While prompt optimization is theoretically appealing, OpenPipe's team evaluated methods like JEPA and found they provided only minor boosts. Their RL fine-tuning methods delivered vastly superior results (96% vs 56% on a benchmark), suggesting weight updates still trump prompt engineering for complex tasks.
People struggle with AI prompts because the model lacks background on their goals and progress. The solution is 'Context Engineering': creating an environment where the AI continuously accumulates user-specific information, materials, and intent, reducing the need for constant prompt tweaking.
With models like Gemini 3, the key skill is shifting from crafting hyper-specific, constrained prompts to making ambitious, multi-faceted requests. Users trained on older models tend to pare down their asks, but the latest AIs are 'pent up with creative capability' and yield better results from bigger challenges.
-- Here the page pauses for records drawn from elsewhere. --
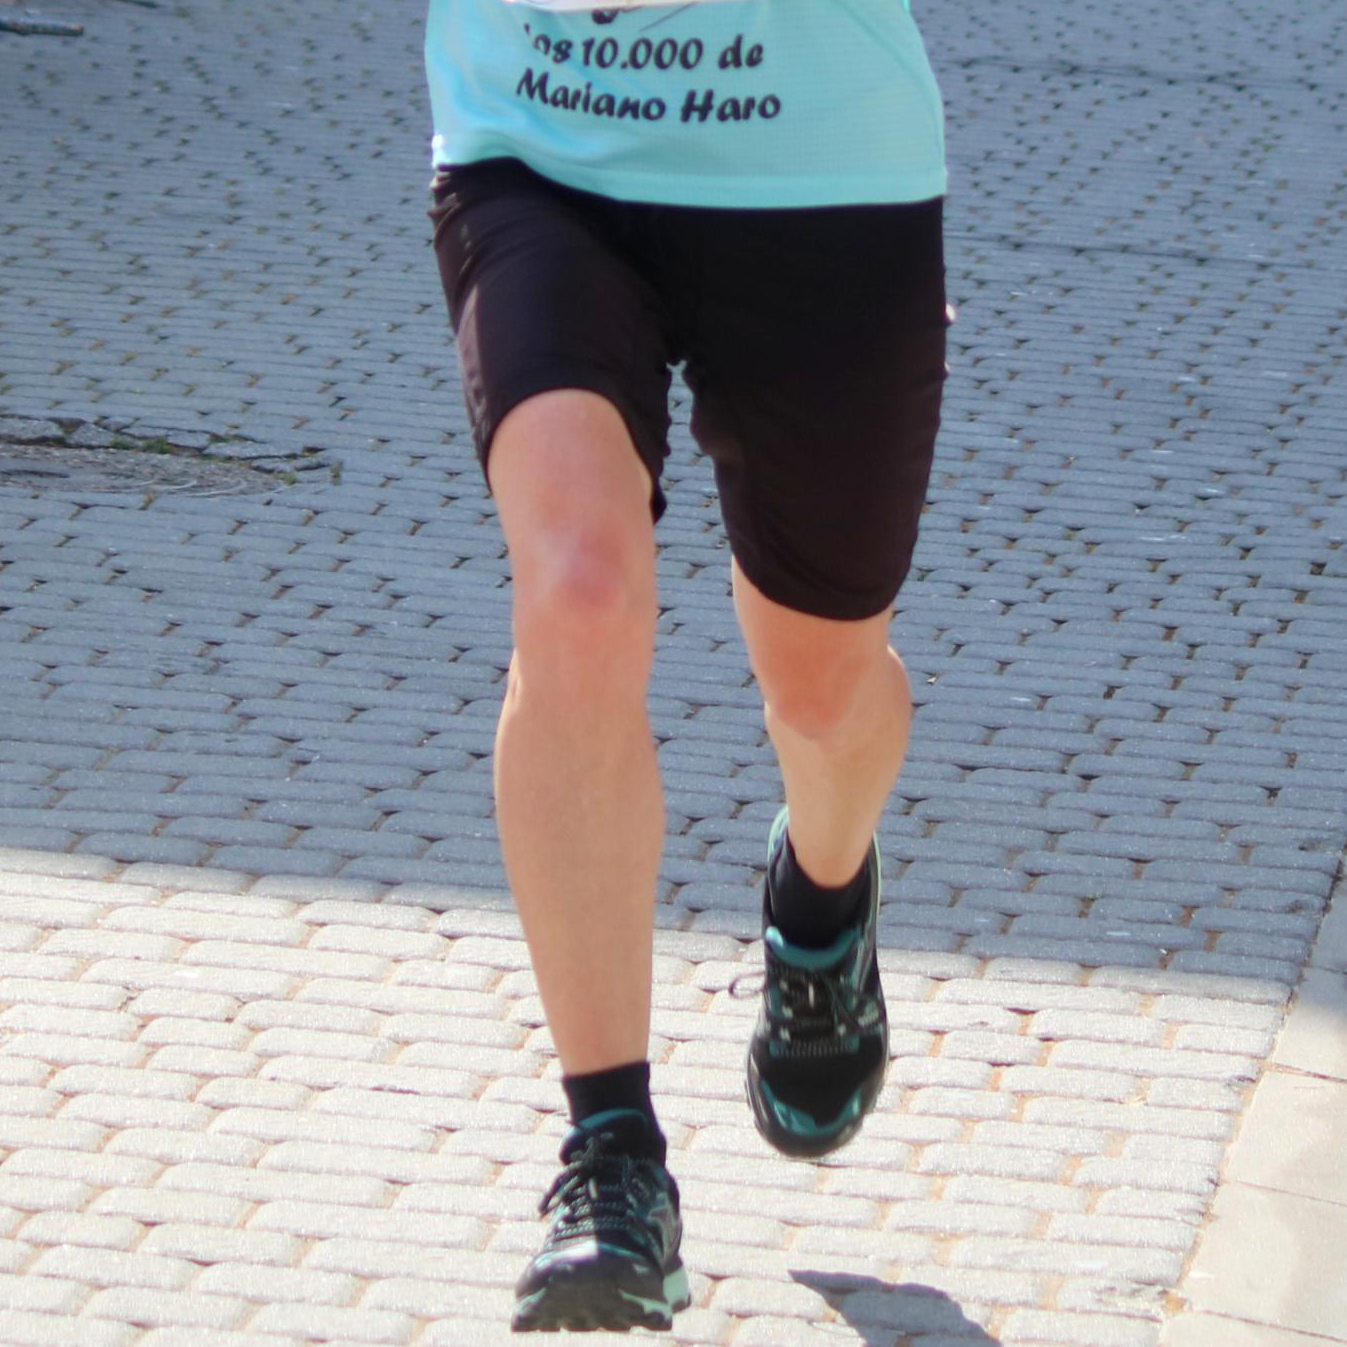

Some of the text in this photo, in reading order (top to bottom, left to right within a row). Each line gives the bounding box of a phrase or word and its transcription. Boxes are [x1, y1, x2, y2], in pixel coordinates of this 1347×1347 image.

[523, 22, 765, 70] os 10.000 de
[515, 67, 782, 123] Mariano Haro
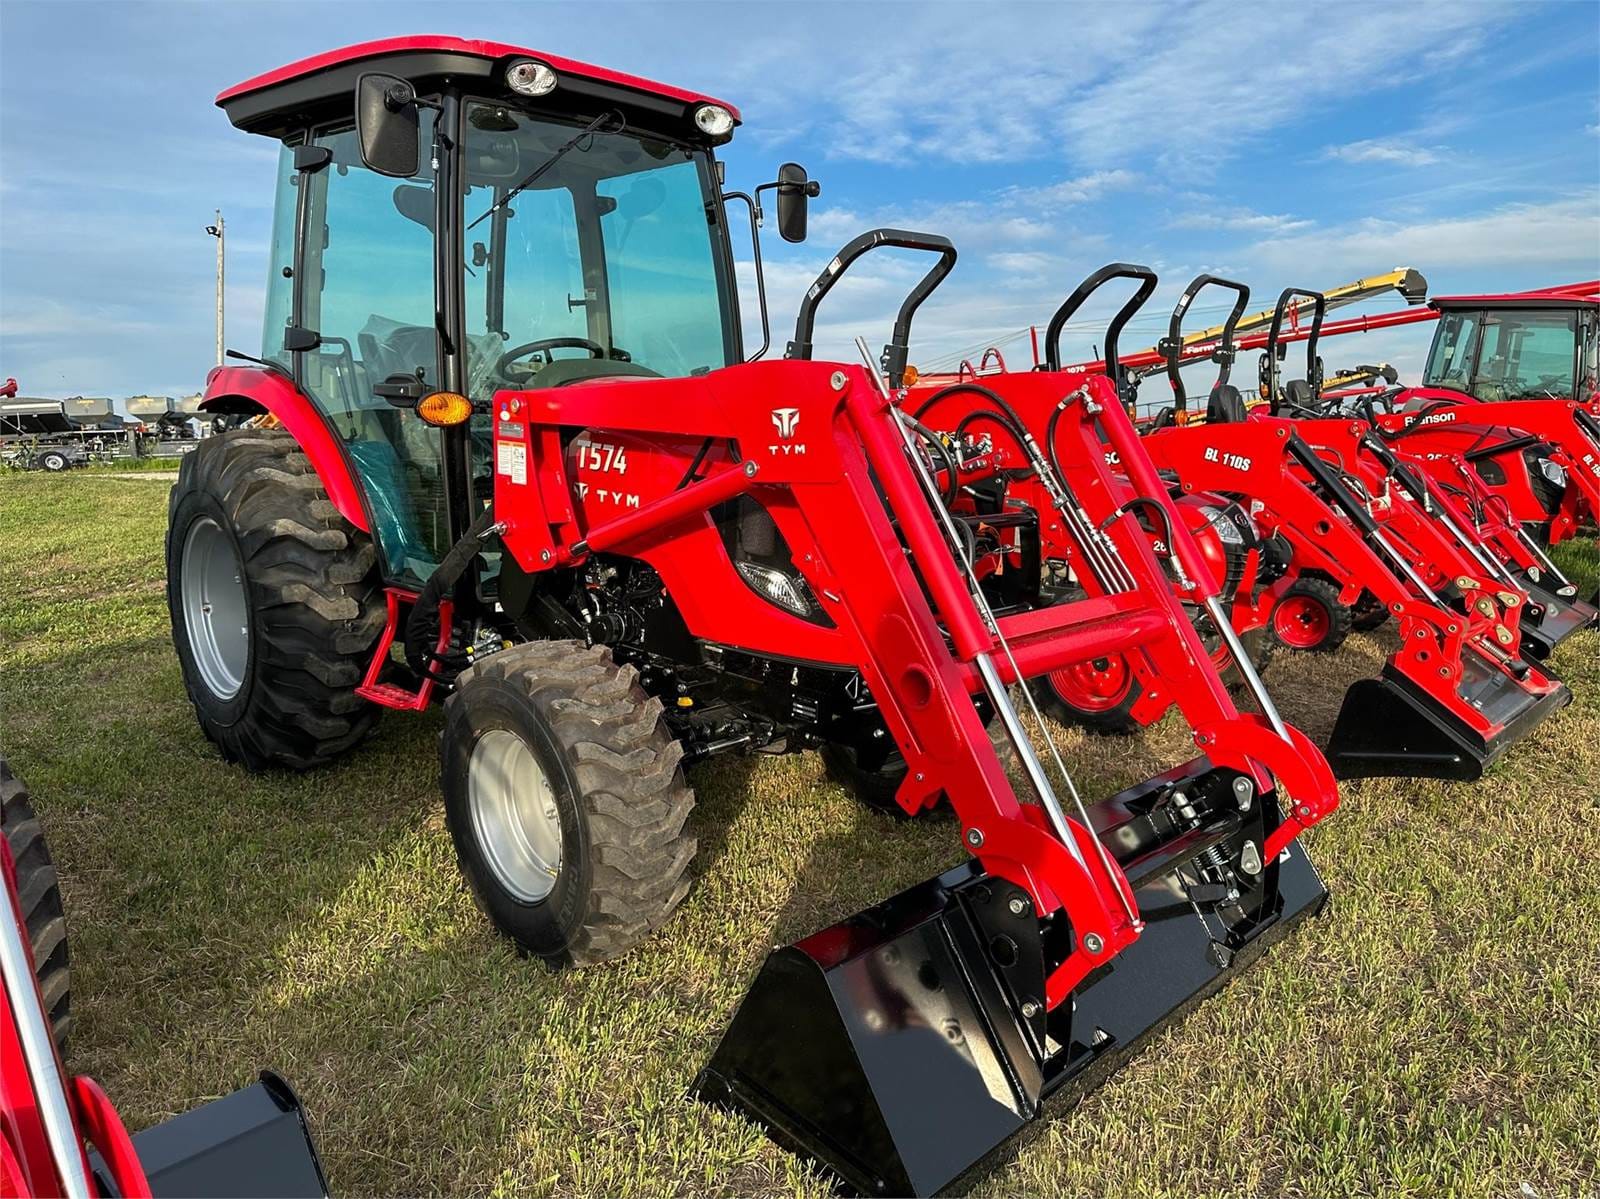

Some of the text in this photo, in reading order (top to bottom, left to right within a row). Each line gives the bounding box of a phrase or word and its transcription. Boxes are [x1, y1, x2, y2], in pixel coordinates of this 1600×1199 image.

[577, 439, 627, 475] T574
[768, 444, 806, 456] TYM
[1204, 447, 1252, 472] BL 110S
[596, 488, 640, 509] TYM
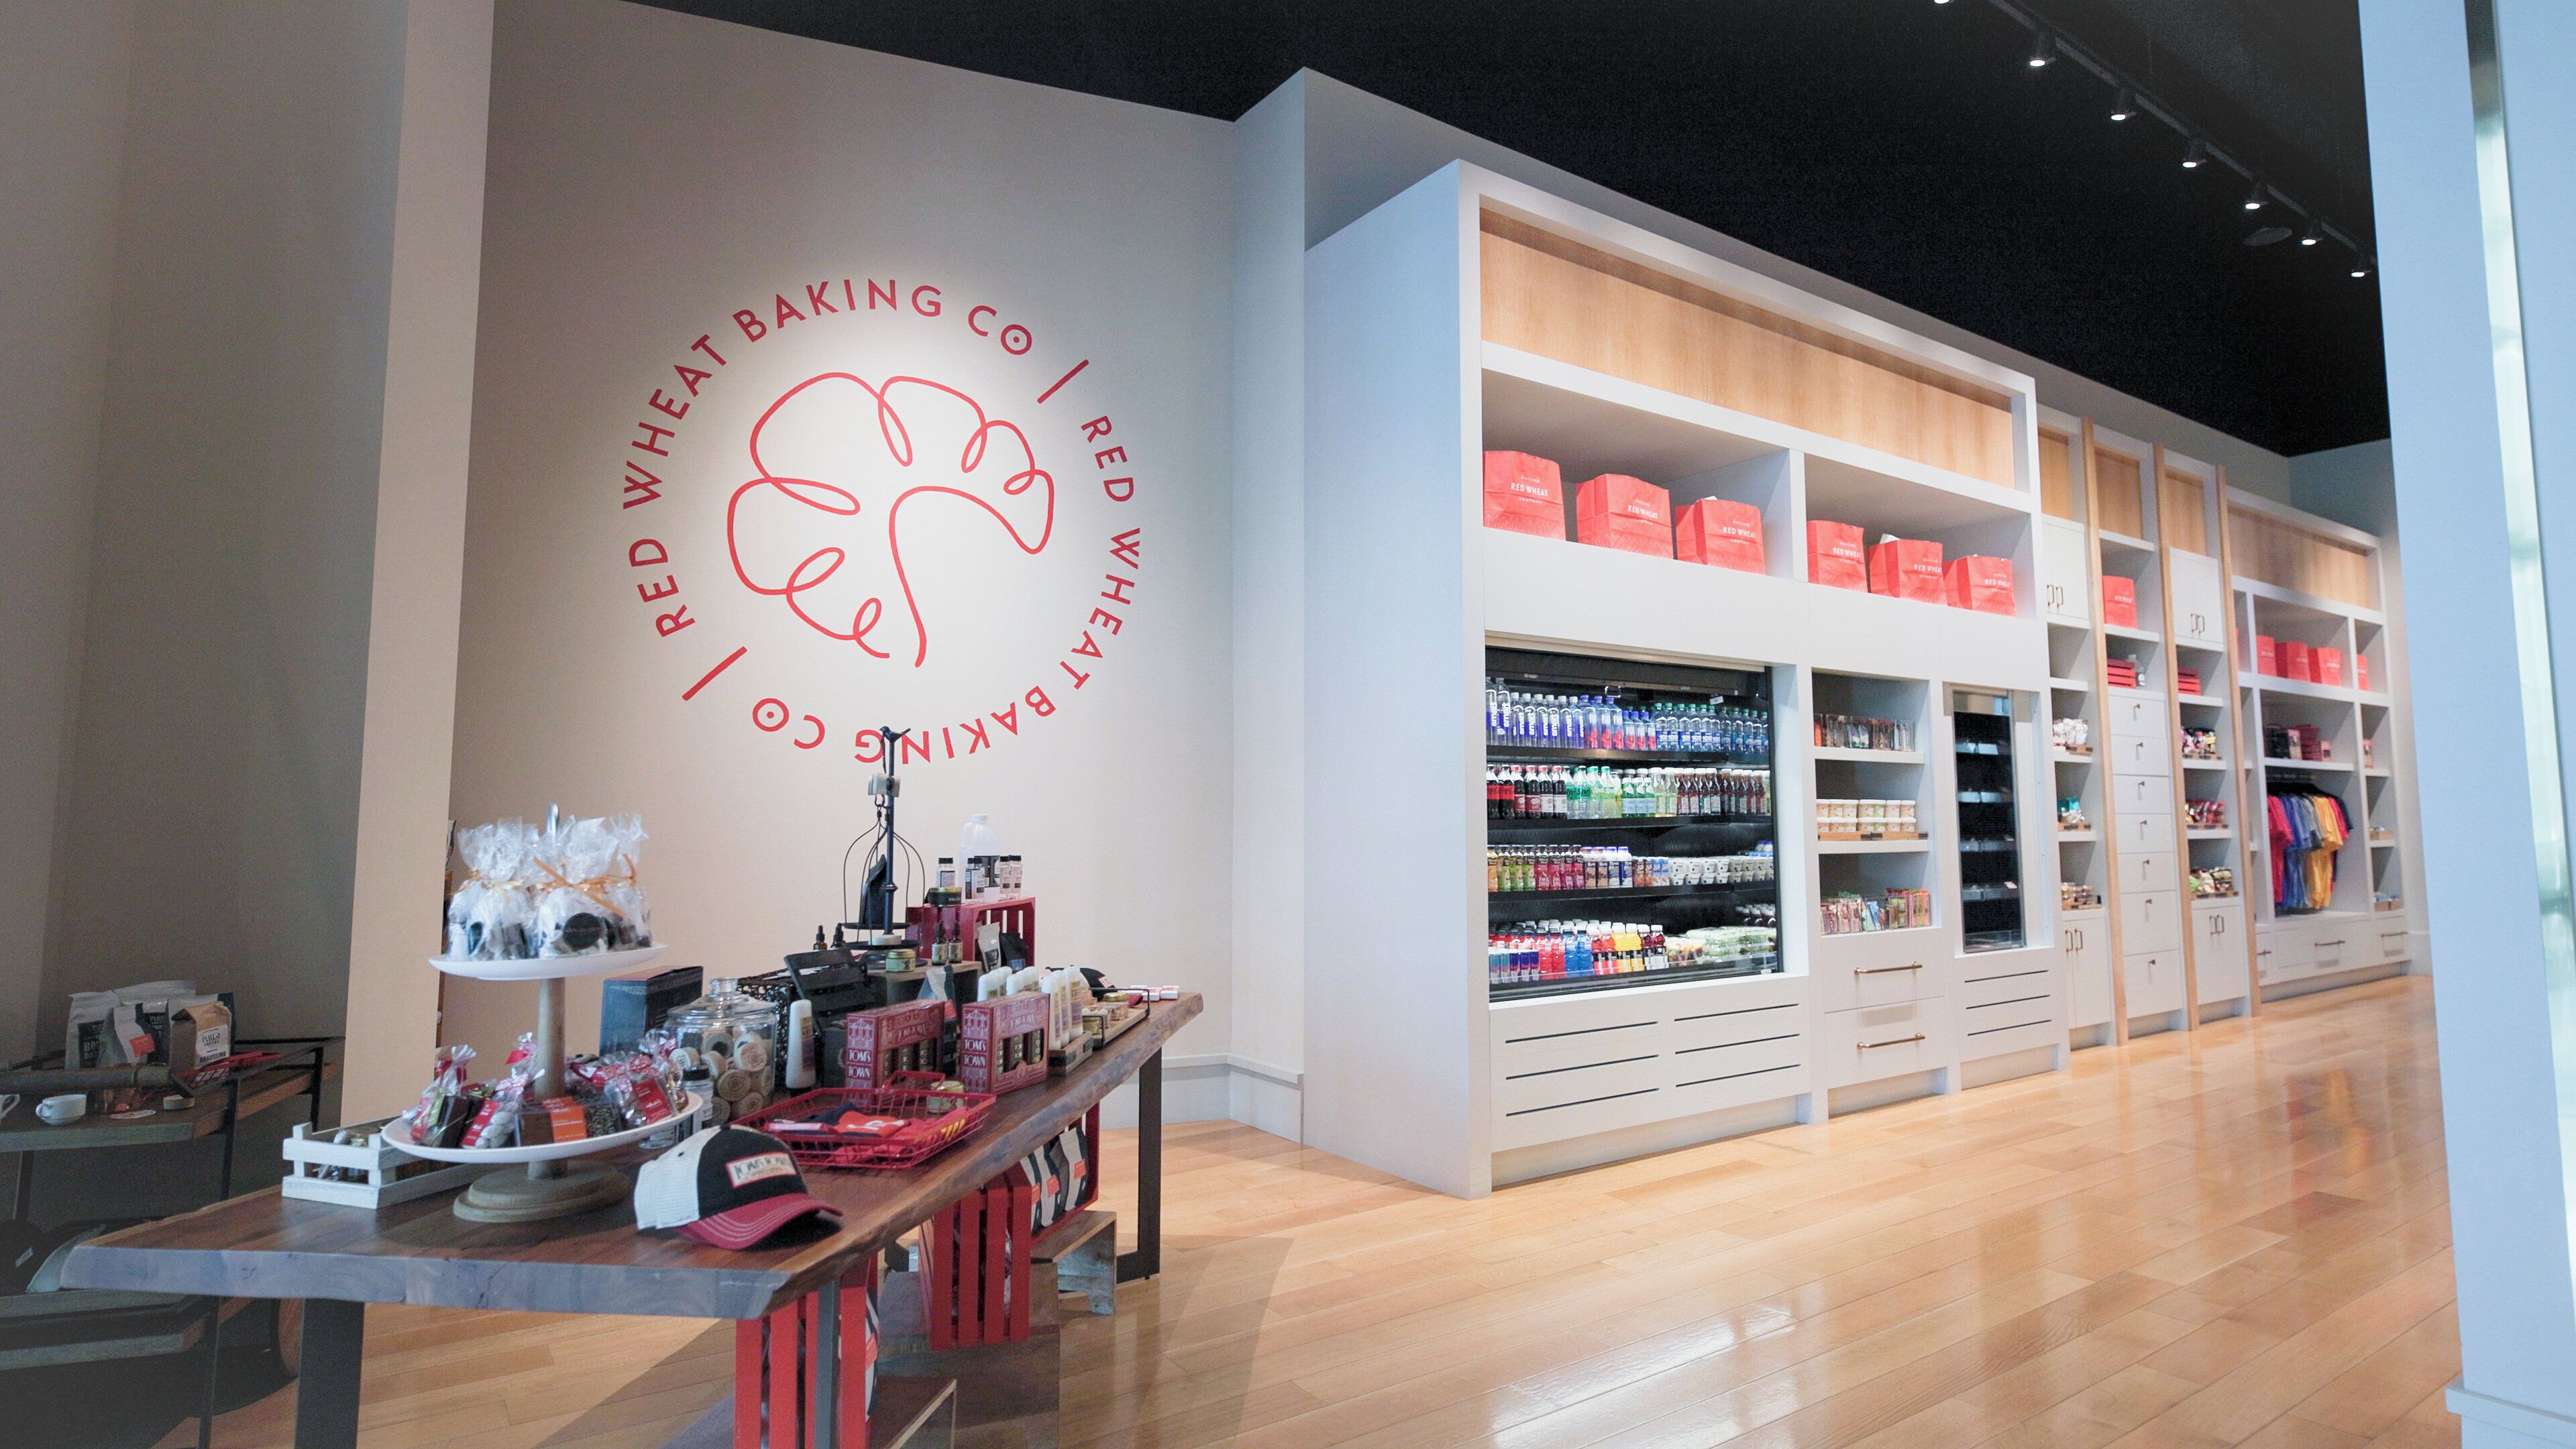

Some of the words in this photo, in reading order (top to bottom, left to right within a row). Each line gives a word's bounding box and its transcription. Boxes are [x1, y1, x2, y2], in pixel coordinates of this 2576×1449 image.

[733, 278, 942, 343] BAKING
[967, 305, 1033, 356] CO
[623, 335, 726, 509] WHEAT
[1081, 416, 1134, 502] RED
[1511, 482, 1525, 492] RED
[1525, 486, 1548, 497] WHEAT
[1627, 504, 1640, 515] RED
[1723, 526, 1736, 535] RED
[628, 538, 696, 637] RED
[1059, 528, 1140, 690] WHEAT
[751, 697, 826, 750] CO
[854, 686, 1056, 765] BAKING
[849, 1050, 871, 1063] TOM'S
[964, 1055, 986, 1066] TOWN
[965, 1039, 986, 1052] TOM'S
[848, 1066, 870, 1079] TOWN
Training AI agents to execute multi-step business workflows demands a new data paradigm. Companies create reinforcement learning (RL) environments—mini world models of business processes—where agents learn by attempting tasks, a more advanced method than simple prompt-completion training (SFT/RLHF).
Instead of manually refining a complex prompt, create a process where an AI agent evaluates its own output. By providing a framework for self-critique, including quantitative scores and qualitative reasoning, the AI can iteratively enhance its own system instructions and achieve a much stronger result.
Beyond supervised fine-tuning (SFT) and human feedback (RLHF), reinforcement learning (RL) in simulated environments is the next evolution. These "playgrounds" teach models to handle messy, multi-step, real-world tasks where current models often fail catastrophically.
OpenAI favors "zero gradient" prompt optimization because serving thousands of unique, fine-tuned model snapshots is operationally very difficult. Prompt-based adjustments allow performance gains without the immense infrastructure burden, making it a more practical and scalable approach for both OpenAI and developers.
The early focus on crafting the perfect prompt is obsolete. Sophisticated AI interaction is now about 'context engineering': architecting the entire environment by providing models with the right tools, data, and retrieval mechanisms to guide their reasoning process effectively.
Basic supervised fine-tuning (SFT) only adjusts a model's style. The real unlock for enterprises is reinforcement fine-tuning (RFT), which leverages proprietary datasets to create state-of-the-art models for specific, high-value tasks, moving beyond mere 'tone improvements.'
Fine-tuning an AI model is most effective when you use high-signal data. The best source for this is the set of difficult examples where your system consistently fails. The processes of error analysis and evaluation naturally curate this valuable dataset, making fine-tuning a logical and powerful next step after prompt engineering.
Good Star Labs found GPT-5's performance in their Diplomacy game skyrocketed with optimized prompts, moving it from the bottom to the top. This shows a model's inherent capability can be masked or revealed by its prompt, making "best model" a context-dependent title rather than an absolute one.